I figured the March for Science, which happened on Saturday, was something I could support. Not just because of some vague notion that science is mostly a good thing. Rather, that spending by the U.S. government supporting scientific inquiry is mostly a good thing.
Speaking only as someone who does his little part to support such spending, I think there ought to be more of it, not less. It gets results. Examples are numerous, but my own favorite is the exploration of each and every planet in the Solar System and other celestial objects as well over the last 50 years or so.
According to various reports, the March for Science was held in over 600 locations worldwide — the main one being in DC — and included a “march” by sympathetic scientists in Antarctica, who must be facing the beginning of a long, awful winter about now (and what other kind would there be?). In Chicago, the day was cool, in the 60s F., with thin clouds overhead.
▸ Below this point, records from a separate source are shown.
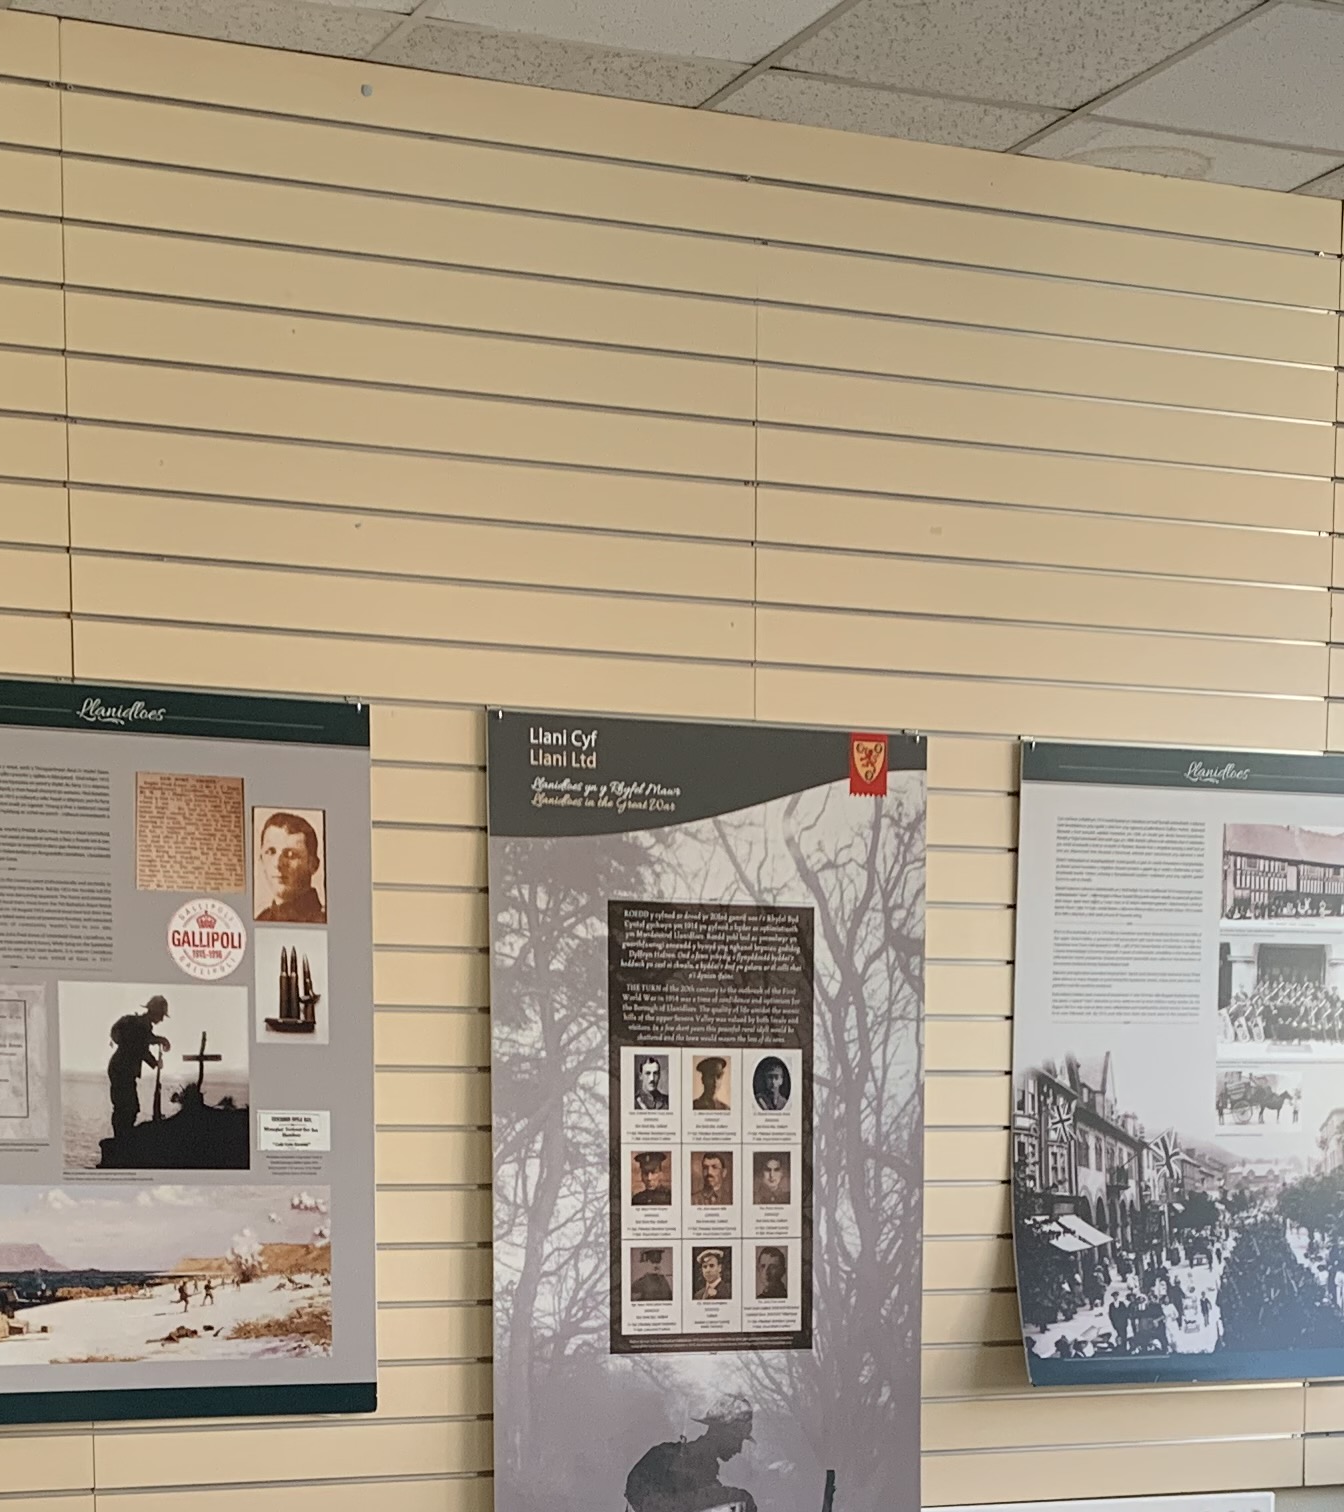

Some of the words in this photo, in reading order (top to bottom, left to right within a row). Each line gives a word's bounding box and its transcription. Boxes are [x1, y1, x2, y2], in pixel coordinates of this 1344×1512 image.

[76, 698, 166, 725] Llanidloes
[530, 727, 567, 745] Llani
[571, 730, 598, 750] Cyf
[530, 748, 567, 767] Llani
[571, 751, 597, 769] Ltd
[1184, 761, 1250, 784] Llanidloes
[531, 776, 583, 792] Llanidloes
[584, 784, 597, 797] yn
[599, 785, 607, 797] y
[531, 792, 583, 807] Llanidloes
[584, 798, 595, 807] in
[597, 796, 613, 808] the
[616, 798, 647, 814] Great
[649, 798, 676, 812] War
[172, 929, 241, 949] GALLIPOLI
The Tribune tallied the Chicago march as one of the larger ones, with about 40,000 participants. I don’t know how the crowd was counted, but I believe it. When Ann and I arrived, at the intersection of S. Columbus Dr. and E. Congress Dr. — just west of Buckingham Fountain — the crowd looked like this.
The event stage was north of that point, on E. Jackson, but we didn’t bother trying to move toward it, because the crowd in that direction was thick.
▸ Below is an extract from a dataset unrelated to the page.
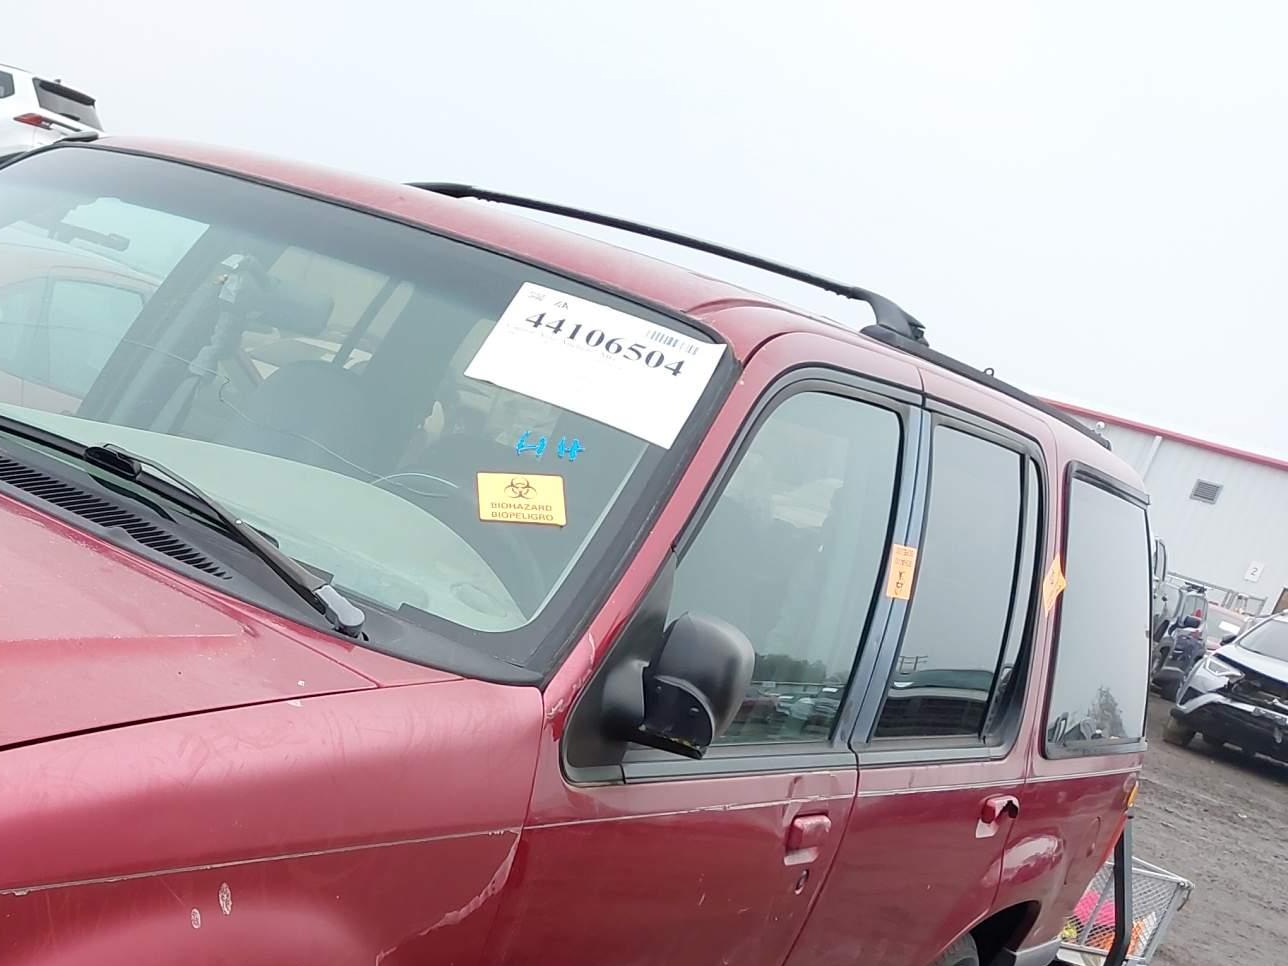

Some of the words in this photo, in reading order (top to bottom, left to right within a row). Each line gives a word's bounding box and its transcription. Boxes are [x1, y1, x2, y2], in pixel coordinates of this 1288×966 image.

[524, 312, 686, 376] 44106504
[490, 502, 553, 512] BIOHAZARD
[491, 511, 554, 521] BIOPELIGRO
[1250, 567, 1258, 577] 2
Pretty soon, the crowd filled in around us. As crowds go, it was good-natured and patient. The speakers were difficult to hear, since the event’s loudspeakers weren’t working that well. I caught some of a Field Museum employee’s speech, which was essentially about her cool science job at the museum.
I also spent time reading the signs.
I have to like a reference to Nineteen Eighty-Four.
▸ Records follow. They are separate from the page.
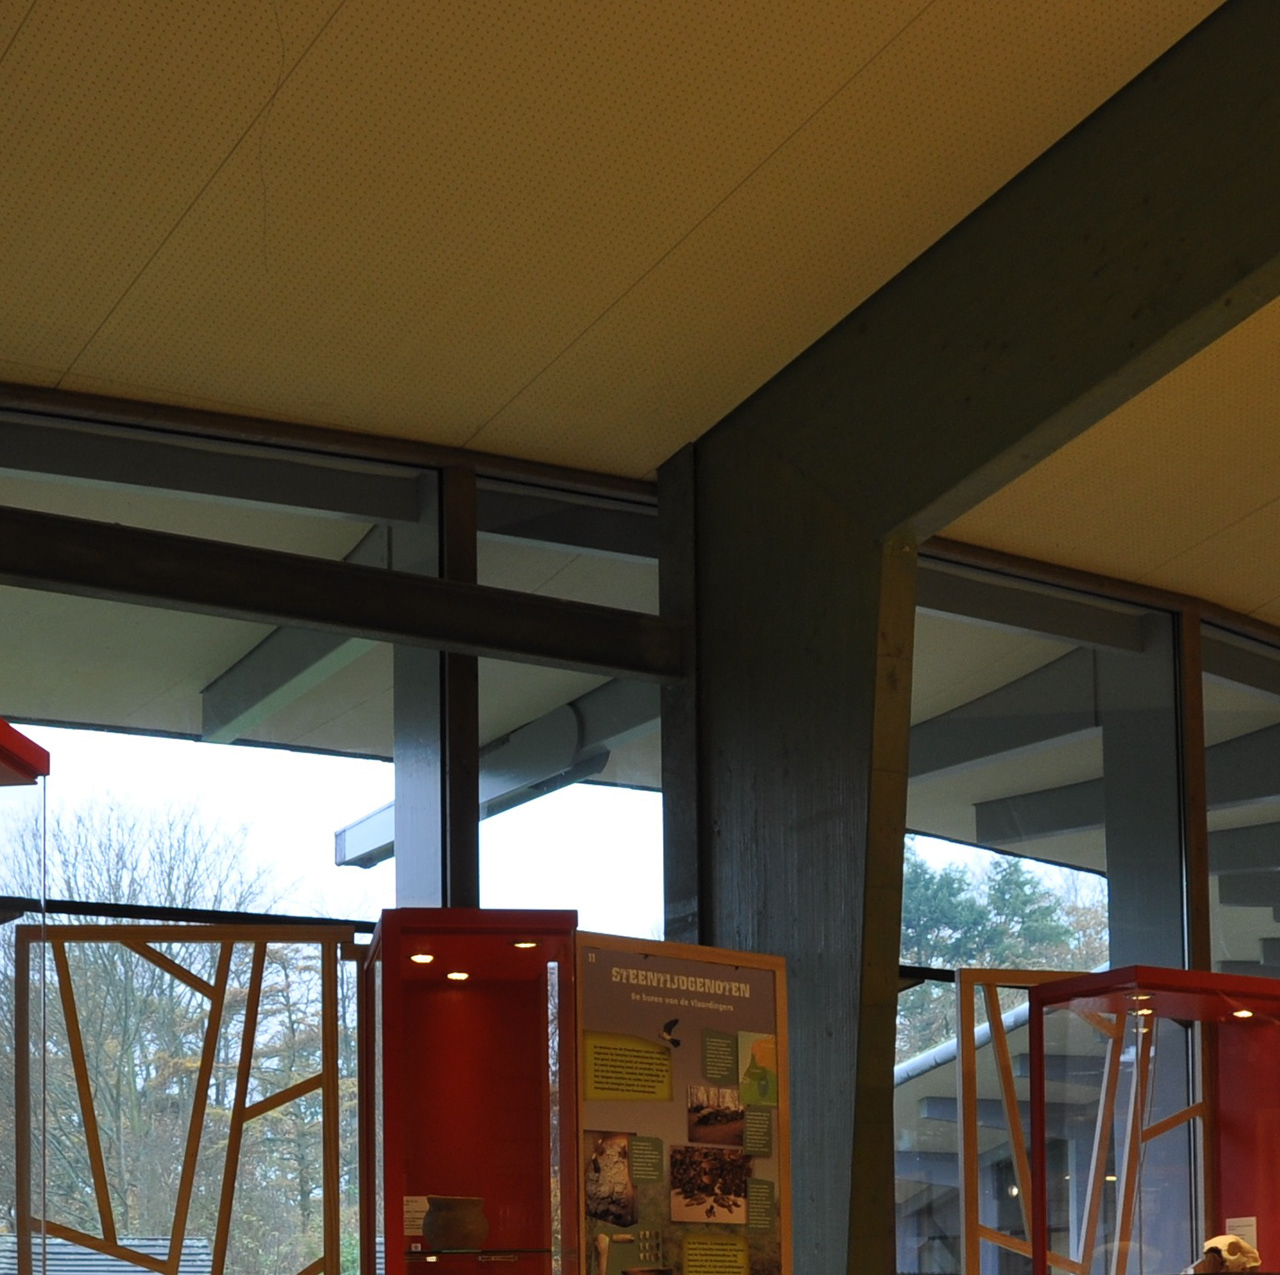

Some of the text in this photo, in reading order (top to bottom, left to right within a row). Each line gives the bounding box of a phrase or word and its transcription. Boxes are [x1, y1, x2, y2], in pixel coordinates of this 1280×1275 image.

[588, 953, 596, 963] 11
[611, 967, 750, 998] STEENTIJDGENOTEN
[642, 993, 663, 1004] buren
[665, 997, 679, 1005] van
[680, 996, 689, 1006] de
[690, 998, 733, 1012] Vlaardingers
This one got to the heart of the matter: Science Serves Our Nation.
Or, to put it in more negative terms, something that even the dimmer lights in Congress might respond to: If We Don’t, The Chinese Will.
Anti-Trump signage was common, as you’d expect —
At about 11, word spread that the march itself was starting. So everyone headed south along Columbus. The crowd had to move around a group of women in costume, dancing on stilts. Ann got a short video of it.
I’m not sure how that was a pro-science message, but it was fun to watch.
Along the way, chants broke out sometimes. The most common one was:
What do we want?
When do we want it?
After peer review!
Nothing Mark Slackmeyer would have ever said, but it caught the spirit of the march. Ann got a video of that, too.
It was a slow march, because ultimately everyone had to funnel into the narrow path that leads to the Field Museum campus, through an underpass below Lake Shore Drive. (Closing Columbus was one thing, but Lake Shore Drive generally remains open.)
Afterwards, participants sat around on the Field Museum lawn and elsewhere.
There were booths on the other side of the museum, but we’d had enough for the day and soon caught a bus back into the heart of the Loop. Some other marchers were on the bus, too, along with their signs. Not something you see all the time on mass transit.